- **Work order**
All lines from the one containing "this 1376×1161 image." through the end of the data below are to be transcribed exactly. Leave out the rest.

Spatial localization data
· · · · · · ·

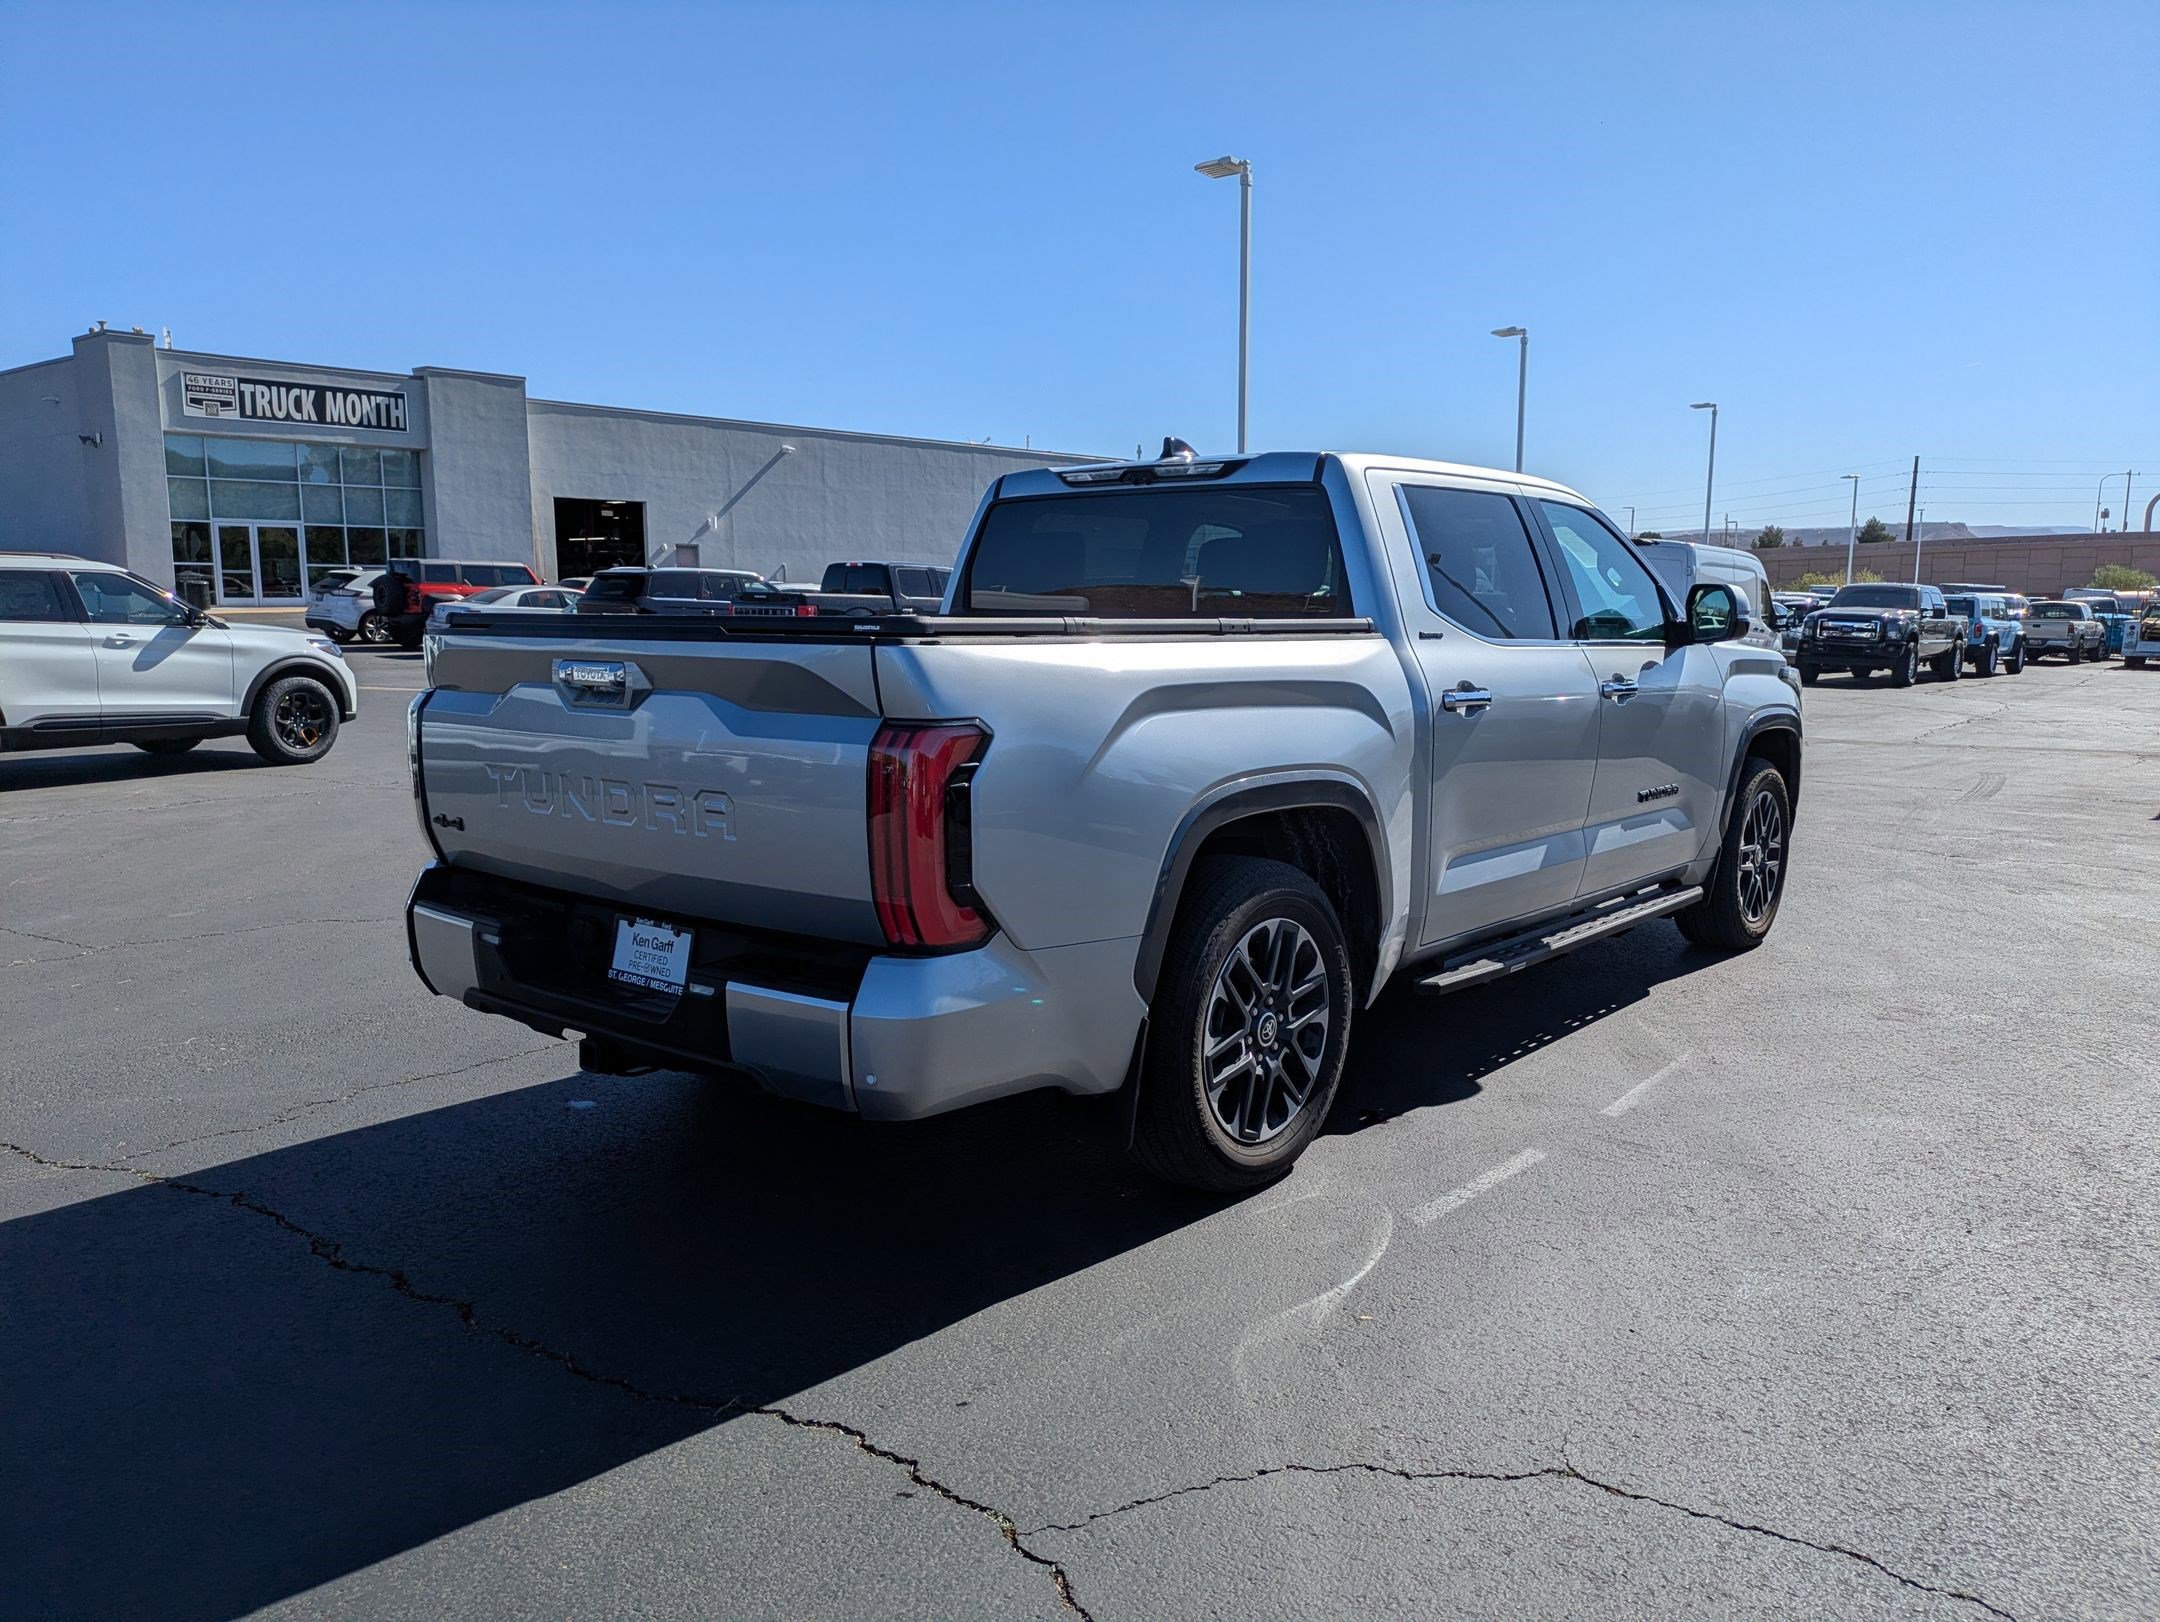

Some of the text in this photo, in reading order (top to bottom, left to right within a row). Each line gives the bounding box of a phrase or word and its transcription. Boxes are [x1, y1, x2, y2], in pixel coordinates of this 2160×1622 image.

[188, 376, 233, 388] 46 YEARS
[239, 382, 406, 429] TRUCK MONTH
[574, 667, 608, 680] TOYOTA
[484, 762, 738, 841] TUNDRA
[631, 931, 675, 954] Ken Garff
[628, 959, 671, 978] PRE-OWNED
[633, 950, 669, 966] CERTIFIED
[608, 969, 618, 979] ST.
[618, 971, 646, 986] GEORGE
[650, 979, 684, 996] MESQUITE
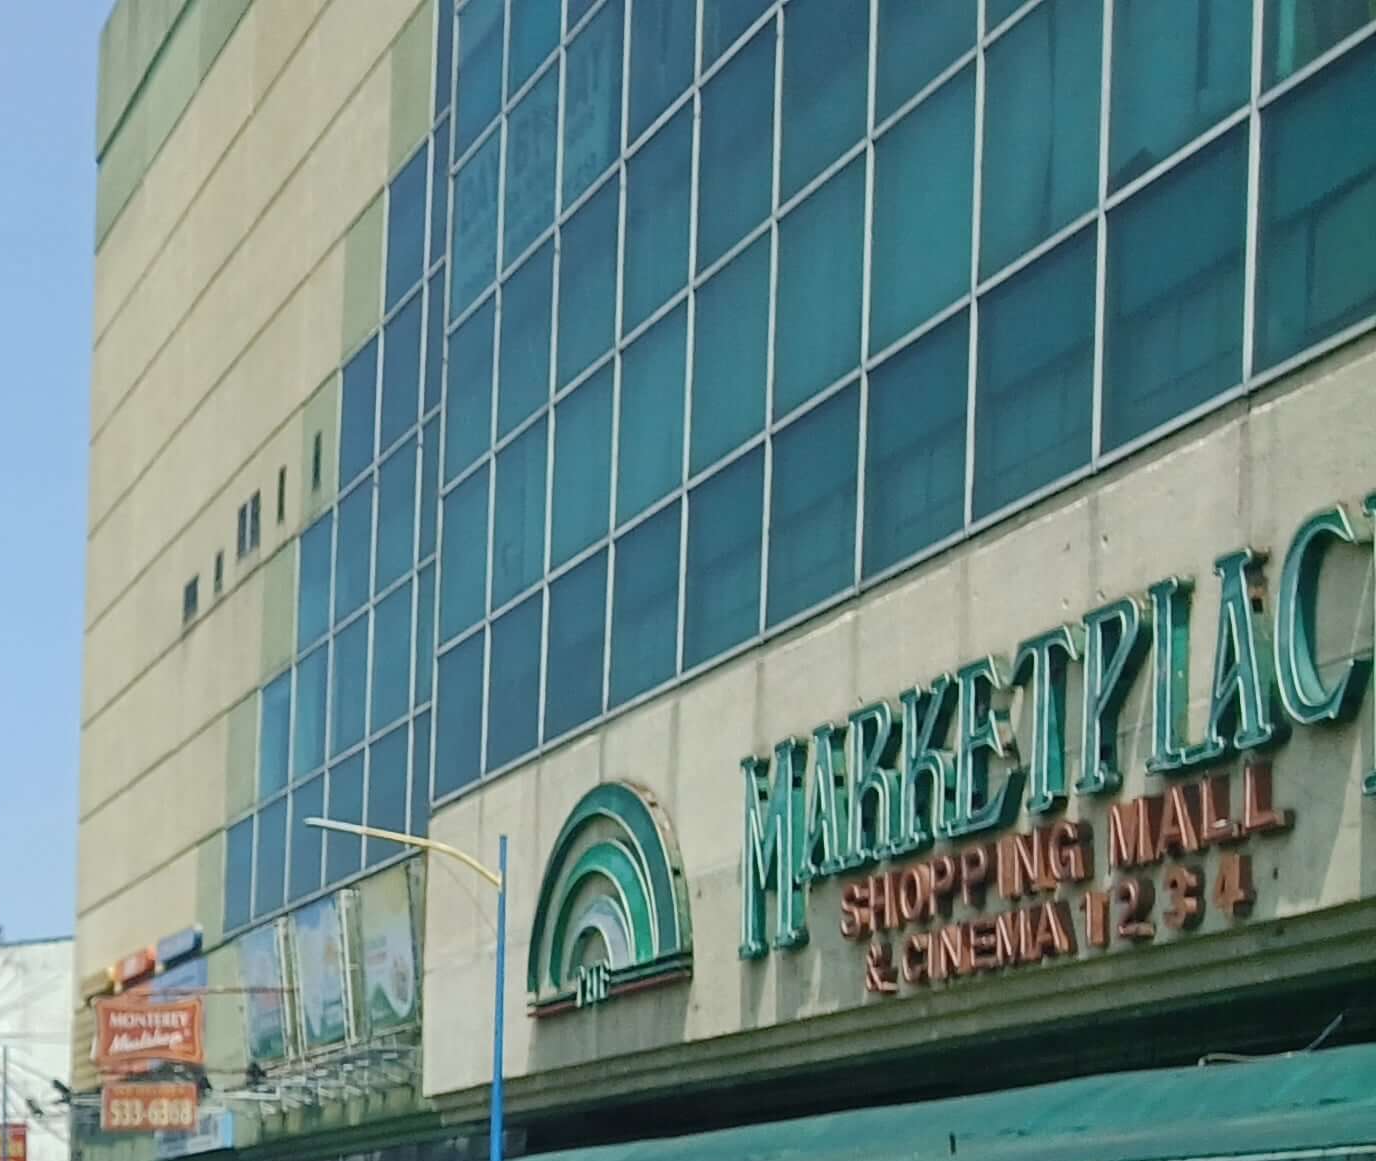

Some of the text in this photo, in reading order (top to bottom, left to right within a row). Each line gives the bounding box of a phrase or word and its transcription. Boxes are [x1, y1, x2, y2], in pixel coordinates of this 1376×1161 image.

[738, 490, 1376, 960] MARKETPLAC
[840, 760, 1288, 940] SHOPPING MALL
[902, 900, 1073, 982] CINEMA
[109, 1011, 189, 1028] MONTEREY

· · · · · · ·

- **Reply**
Some of the text in this photo, in reading order (top to bottom, left to right within a row). Each line gives the bounding box of a phrase or word and its transcription. Boxes are [x1, y1, x2, y2], in pixel coordinates of this 1376×1161 image.

[738, 490, 1376, 960] MARKETPLAC
[840, 760, 1288, 940] SHOPPING MALL
[902, 900, 1073, 982] CINEMA
[109, 1011, 189, 1028] MONTEREY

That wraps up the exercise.